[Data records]

┌────────

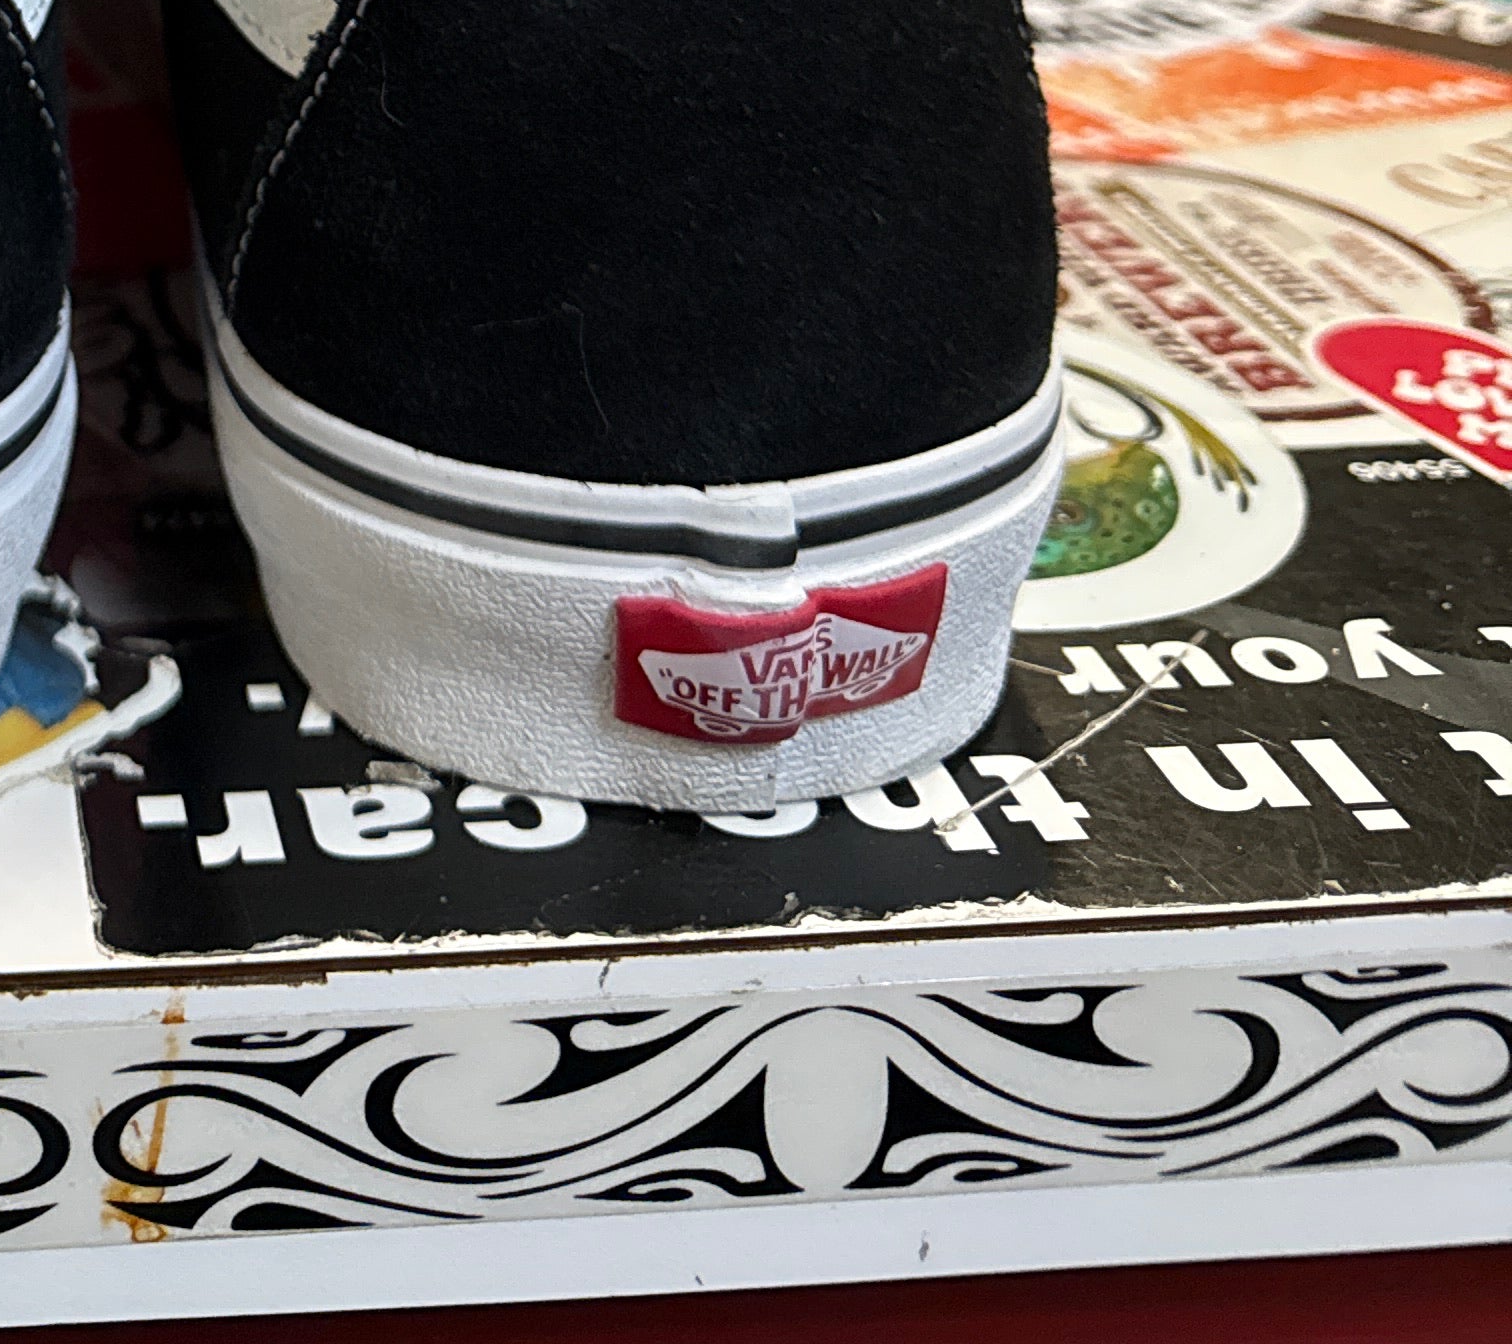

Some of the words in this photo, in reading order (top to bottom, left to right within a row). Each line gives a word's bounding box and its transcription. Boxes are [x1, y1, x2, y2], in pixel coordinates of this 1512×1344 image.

[1057, 617, 1444, 696] your
[751, 677, 813, 720] TH
[1143, 737, 1411, 831] in
[136, 783, 588, 869] car.

└────────

[Task brief]: Output every entry exactly, leaving out pictures.

[Result below]:
Some of the words in this photo, in reading order (top to bottom, left to right within a row). Each line gives a word's bounding box and its transcription. Boxes are [x1, y1, x2, y2], in pixel coordinates of this 1512×1344 image.

[1057, 617, 1444, 696] your
[751, 677, 813, 720] TH
[1143, 737, 1411, 831] in
[136, 783, 588, 869] car.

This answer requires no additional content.